Les Flamands sont des gens énervants.  Une langue à la musicalité qu’on dirait broyée au concasseur, un humour comme grevé de la boue du Brabant et surtout, vu de ce côté de l’Escaut, un cinéma tellement absent qu’on le croirait depuis longtemps noyé dans le waterzoï d’un obscur bistro d’Antwerpen…

Oui, les Flamands sont des gens énervants. A tel point qu’ils peuvent produire un des plus beaux films qu’il m’ait été donné de voir depuis un paquet de mois.  Je veux parler de La merditude des choses, troisième film de Felix von Groeningen, adapté d’un roman de Dimitri Verhulst.

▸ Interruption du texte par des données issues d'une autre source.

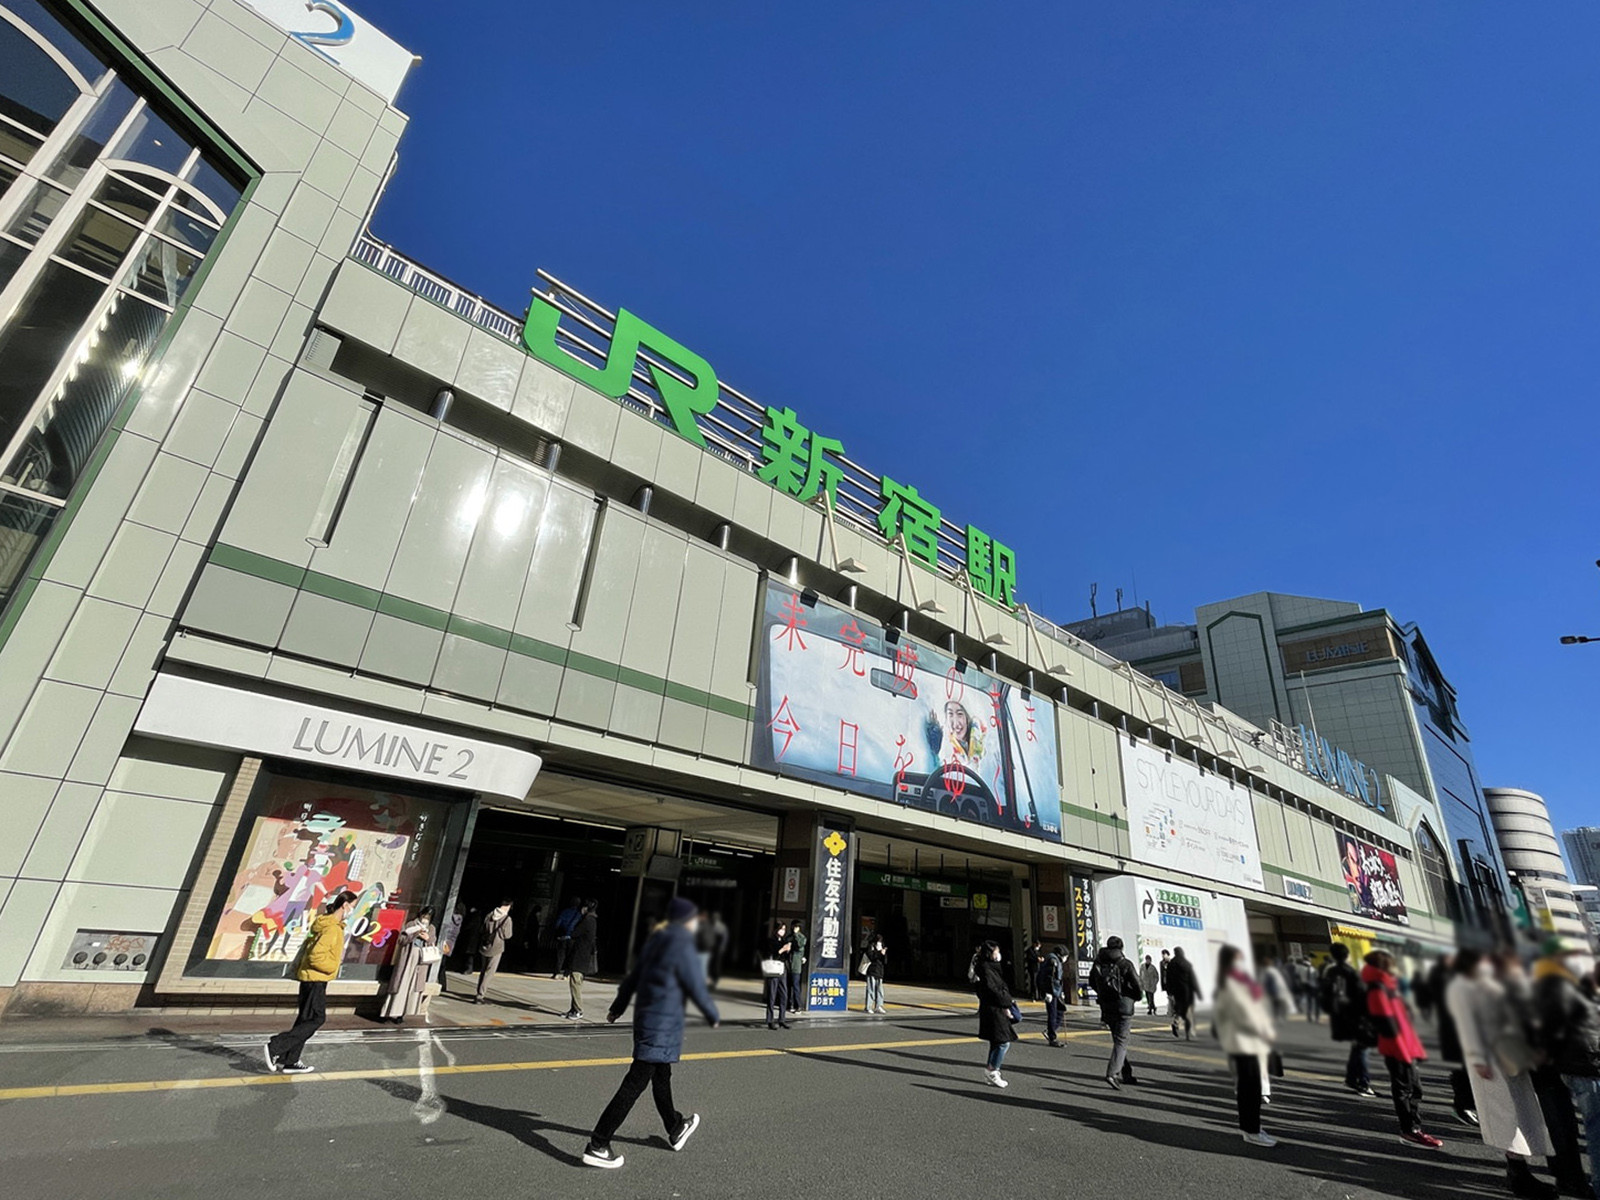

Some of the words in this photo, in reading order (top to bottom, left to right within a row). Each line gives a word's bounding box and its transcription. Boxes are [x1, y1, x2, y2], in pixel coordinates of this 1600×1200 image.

[288, 0, 355, 65] 2
[522, 296, 719, 449] JR
[757, 405, 1018, 608] 新宿駅
[773, 592, 1039, 743] 未完成のまま
[292, 716, 447, 776] LUMINE
[448, 748, 476, 781] 2
[1136, 758, 1182, 802] STYLE
[1182, 774, 1218, 816] YOUR
[1299, 722, 1375, 807] LUMINE
[1369, 768, 1386, 813] 2
[821, 857, 842, 959] 住友不動産
[1074, 887, 1085, 948] ステップ
[1081, 878, 1095, 959] すみふの仲介

“La merditude des choses” : une déglingue douce-amère

C’est l’histoire d’un petit garçon, Gunther Strobbe, qui vit chez sa grand-mère et ses oncles, quatre Rapetou locaux, fans du rocker américain Roy Orbison, alcooliques et bourrus. On vit le quotidien de Gunther au jour le jour, telle l’arrivée de l’huissier venu chercher la télévision ou la course de vélo, à poil évidemment, remportée par un des frères. Élevé à la dure, Gunther doit gérer les lendemains de cuite de son père, et tout va bien jusqu’au jour où il lui demande de partir en internat…

La force du film est d’opérer de subtils va-et-vient entre le Gunther enfant et le Gunther devenu adulte, écrivain en proie à ses démons d’enfance. “Il y a deux personnes que je hais, deux femmes. La première m’a donné le jour, l’autre est en train de me faire un gosse “, écrit-il.

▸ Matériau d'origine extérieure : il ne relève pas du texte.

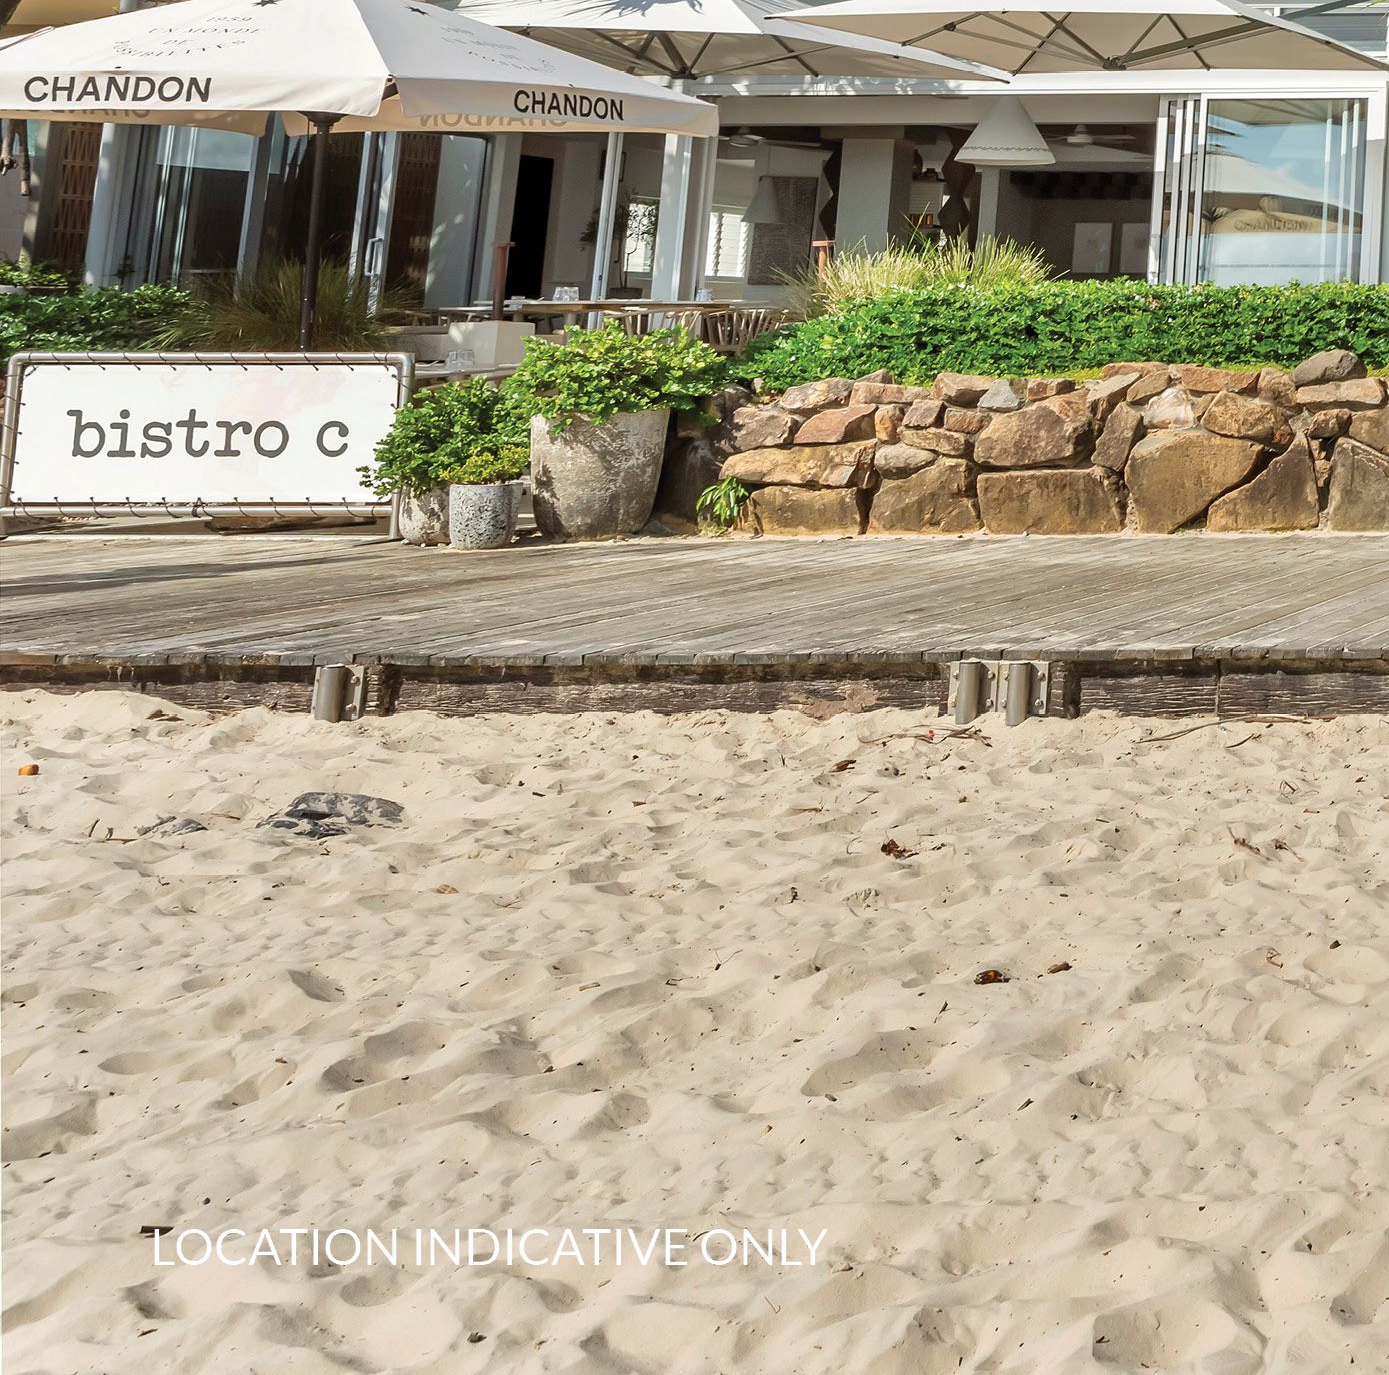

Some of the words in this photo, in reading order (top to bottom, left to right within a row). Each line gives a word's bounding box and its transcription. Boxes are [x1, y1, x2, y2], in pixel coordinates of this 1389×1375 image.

[24, 76, 212, 103] CHANDON
[514, 89, 625, 121] CHANDON
[67, 409, 289, 458] bistro
[316, 421, 349, 457] c

Les quatre frères sont touchants dans leur déglingue, le père dans son rôle de daron targnoleur, perdant pied dans les litres de bière ingurgitée au bar du coin, la grand mère “d’un cœur bien plus gros que sa pension“, et bien sûr  Gunther aux yeux si sérieux, perdu dans la colique des jours, selon la belle expression de L-F Céline.

Felix Von Groeningen arrive à rendre crédible cet univers. On pense parfois à Dikkenek, plus parfois au beau film de Bouli Lanners, Eldorado, qui raconte l’errance d’un revendeur de bagnoles américaines à travers la Belgique.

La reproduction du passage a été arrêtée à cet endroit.